Voar?, disseram em coro Anna e Little John.

Doutor Hans parecia voltar de um estado hipnótico. ” Voar? Alguém disse voar?”

“Por que o espanto? Nunca viram ninguém voando?” E foi assim que contou a lenda da criação do mundo.

O conflito de forças rege o universo.

“Eu sou especial?”, indagou sorridente Little John.

“Eu posso voar?”, perguntou Anna.

“Sim, menino que parece leão. Você é como os animais mais velozes e tem o poder de chegar até onde nenhum outro chegou. Você, menina curiosa, sim, pode voar e deve. A pessoa que nasceu com asas aqui não foi “curada” e nem tenho poder de retroceder um poder divino. Ele está vivo e cuidando da nossa nova terra sagrada. Porque ele pode voar, fica tomando conta da grande invasão que virá.”

Doutor Hans parece incomodado com a história da invasão. Fica olhando para os lados. Balança a bengala.

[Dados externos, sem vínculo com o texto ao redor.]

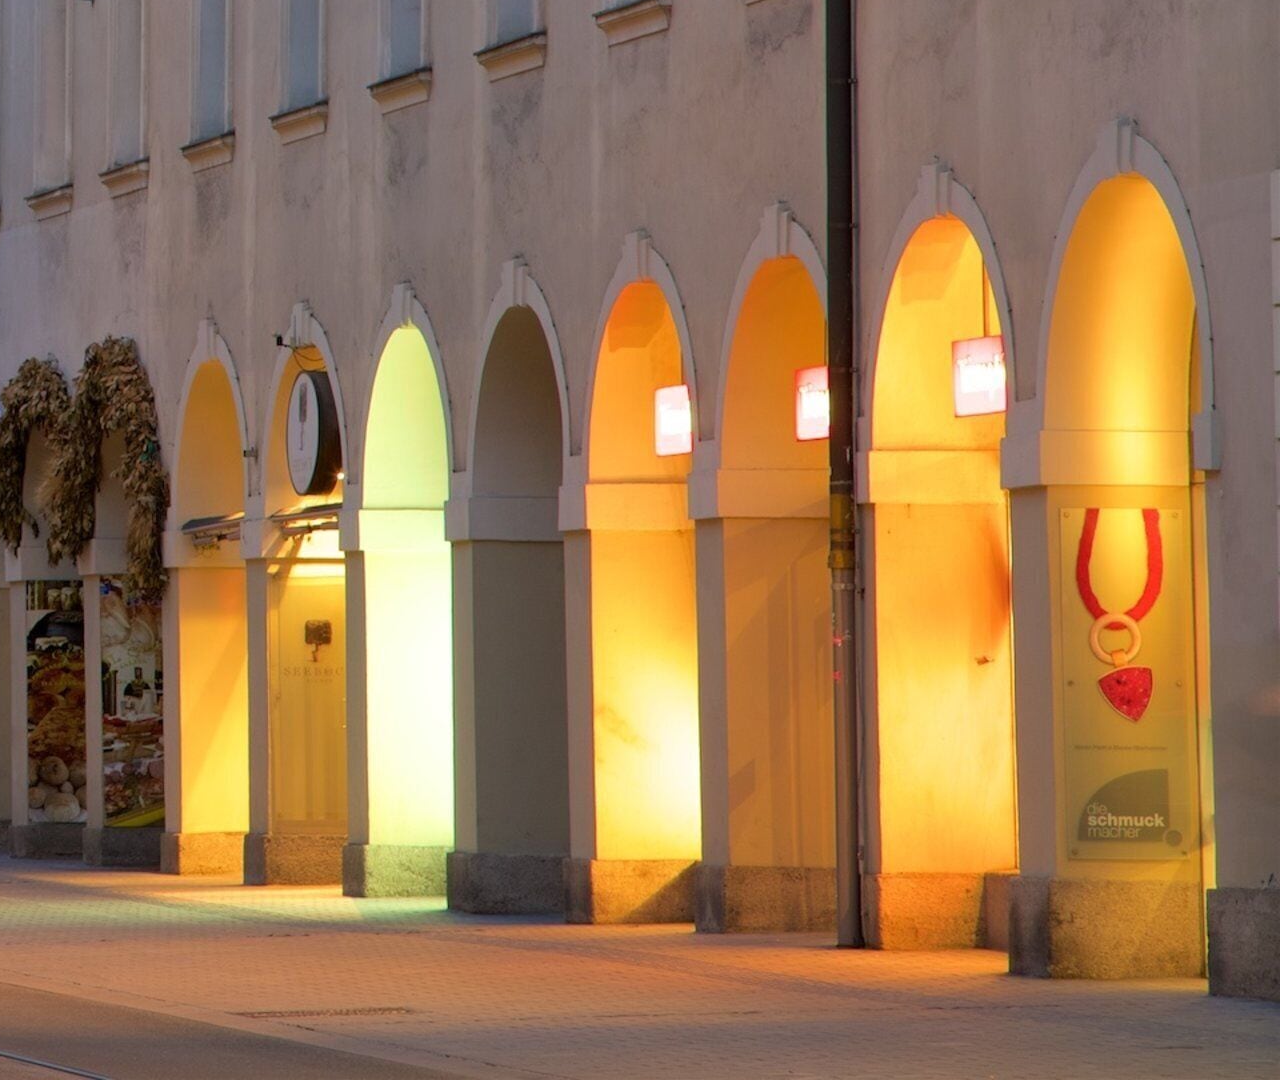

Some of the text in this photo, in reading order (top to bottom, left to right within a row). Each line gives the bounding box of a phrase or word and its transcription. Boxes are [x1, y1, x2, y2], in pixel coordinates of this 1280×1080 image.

Sim doutor. O senhor sabe que seu povo virá aqui e vai destruir tudo, não sabe?

Há rumores que vão construir um parque imenso aqui nessa área. Mas são rumores que ouvi, não sei de nada.

O xamã vai até o doutor Hans e olha para dentro de seus olhos.

“O senhor sabe sim. Em pouco tempo vão destruir nossa aldeia, vão nos expulsar daqui, mas nossa alma ficará, ouviu? Essa é uma terra sagrada.”

Anna olhou para Little John com um sentimento de tristeza, mas alívio. “Agora eu não sei o que farei, não sei voar, não sou como as outras pessoas.”

“Vocês todos podem nos ajudar na construção da nossa nova cidade, nas grutas do norte. Vocês vieram aqui por esse motivo. Nós ficaremos felizes em ter vocês, todos do Museu vivendo na tribo. Te ensinaremos a voar”, disse, apontando para Anna. “E você, a correr veloz. Ter vocês junto a nós é sinal de proteção. Queremos todas as forças do bem junto a nós.”

Anna, Little John e doutor Hans voltaram para a cidade mais confusos do que quando foram para a aldeia, mas pelo menos agora sabiam que existia um lugar onde não seriam objeto da curiosidade humana.

Anna poderia voar, ajudar a salvar a tribo. Little john, o menino que parecia leão, poderia correr e ser admirado pela sua velocidade e coragem. Com certeza, todos do Museu teriam um lugar entre os índios.

“Jack não vai gostar dessa nossa história”, sussurrou Anna.

Little John ficou pensativo e perguntou ao Doutor Hans quando entrava na carruagem “Se nós somos diferentes porque temos as forças do bem, onde estão as forças do mal?”

Doutor Hans olhou para ambos e fez um movimento para fechar a porta da carruagem. “Todos temos ambas as forças dentro de nós” disse

“Lutamos diariamente para saber evitar que um força sozinha controle as outras.”